Friday, October 25, 2019 - 10:30am to 12:00pm
Location: 
Hewlett, G882
Speaker: 
Henry Yuen, Univ. of Toronto
Abstract: In a seminal 1988 paper, Ben-Or, Goldwasser, Kilian, and Wigderson (BGKW) introduced the model of multiprover interactive proofs (MIPs), and furthermore showed that zero knowledge can always be attained in this model without computational assumptions. Their paper has been enormously influential across cryptography and complexity theory, inspiring much research into zero knowledge, interactive proofs, PCPs, delegated computation, and more. 
 
In 2004, Cleve, Hoyer, Toner, and Watrous introduced the model of quantum multiprover interactive proofs (QMIPs), which are MIPs where the provers are allowed to share quantum entanglement (but still cannot communicate). The study of QMIPs has similarly been extremely fruitful in both quantum complexity theory and quantum cryptography. In this work, we prove the quantum analogue of BGKW's result: we show every quantum multiprover interactive proof can be transformed into an equivalent protocol that has the zero knowledge property.

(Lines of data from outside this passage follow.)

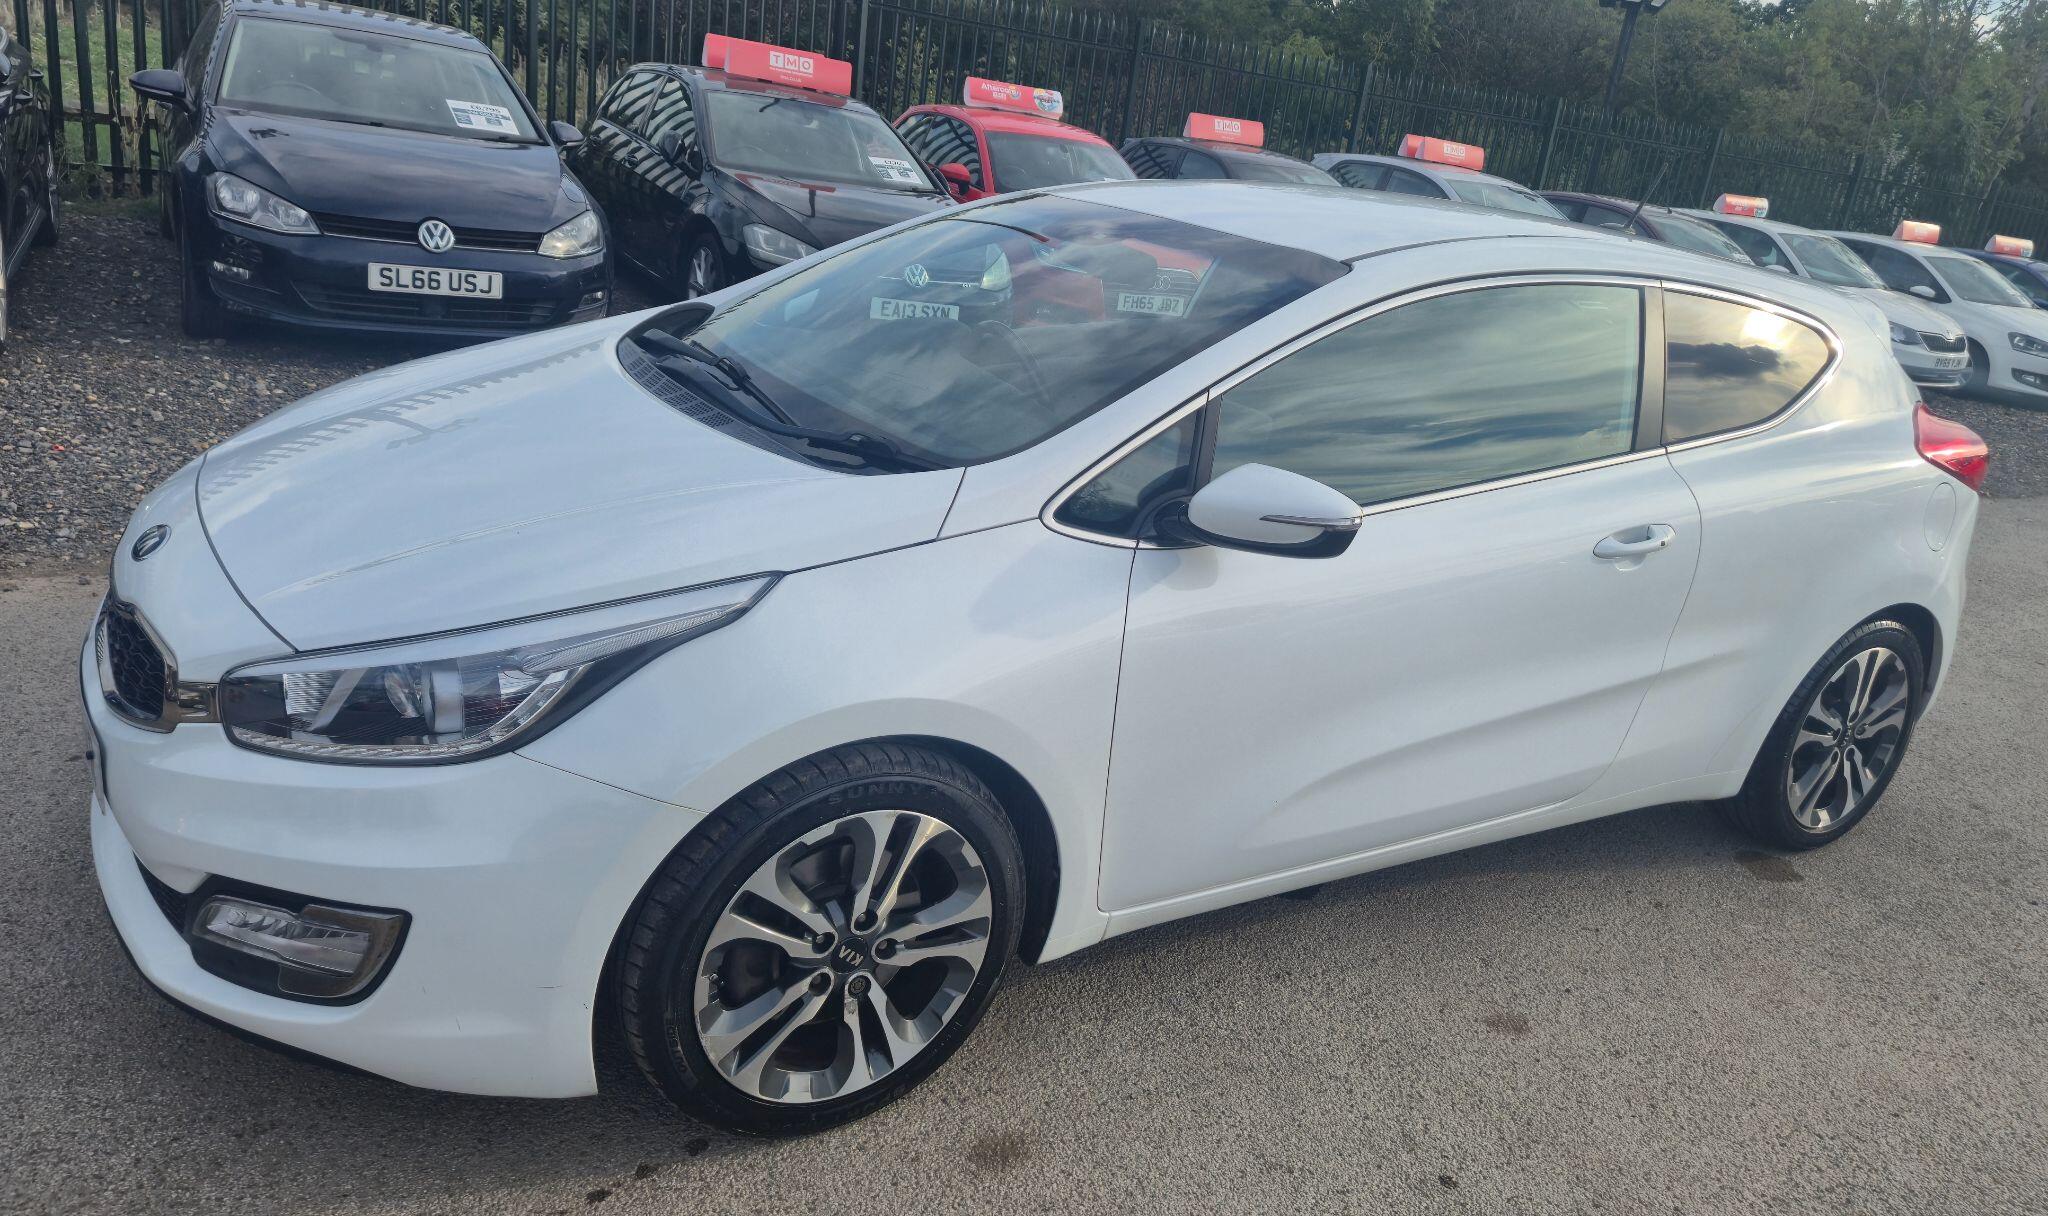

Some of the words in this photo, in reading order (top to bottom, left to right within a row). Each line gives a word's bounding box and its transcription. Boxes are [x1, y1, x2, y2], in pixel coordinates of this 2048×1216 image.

[771, 52, 812, 72] TMO
[380, 267, 441, 290] SL66
[448, 272, 493, 294] USJ
[880, 301, 917, 319] EA13
[921, 305, 951, 319] SYN
[1123, 295, 1154, 310] FH65
[839, 945, 864, 967] KIA
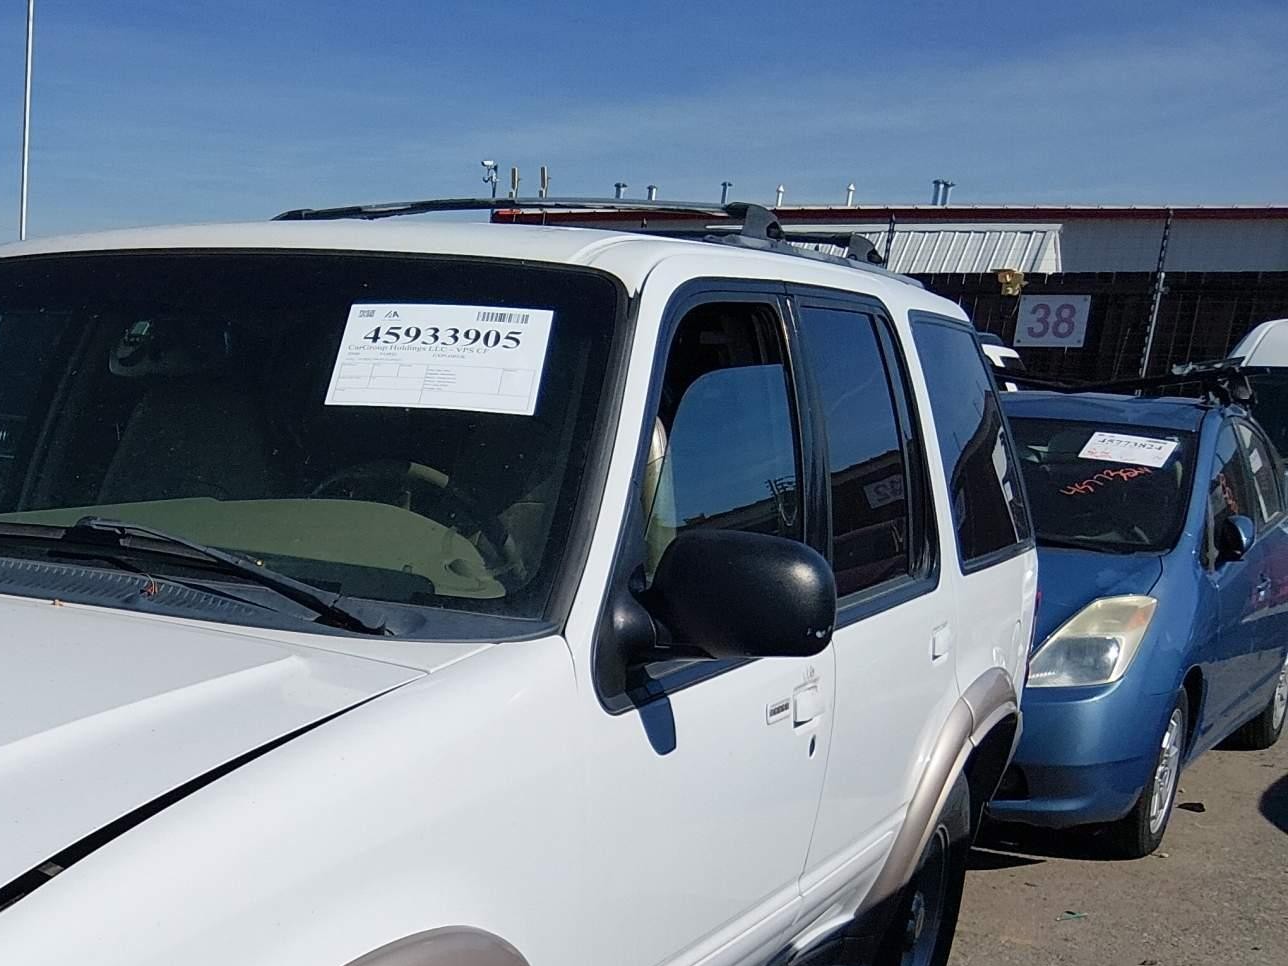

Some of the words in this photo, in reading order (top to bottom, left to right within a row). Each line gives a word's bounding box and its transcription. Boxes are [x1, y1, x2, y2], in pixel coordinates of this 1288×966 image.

[1027, 303, 1077, 339] 38
[348, 344, 388, 353] CarGroup
[390, 344, 427, 353] Holdings
[428, 345, 448, 353] LLC
[363, 326, 523, 350] 45933905

Since recent work has shown that QMIPs are capable of deciding extremely complex languages (such as nondeterministic *doubly-exponential* time), our result implies that such languages also have (quantum) zero knowledge proofs. 
 
The main techniques used in this paper is a procedure to compress quantum interactive protocols, and quantum error correcting codes. I will keep this talk self-contained and accessible; in particular I will not assume any background in quantum information.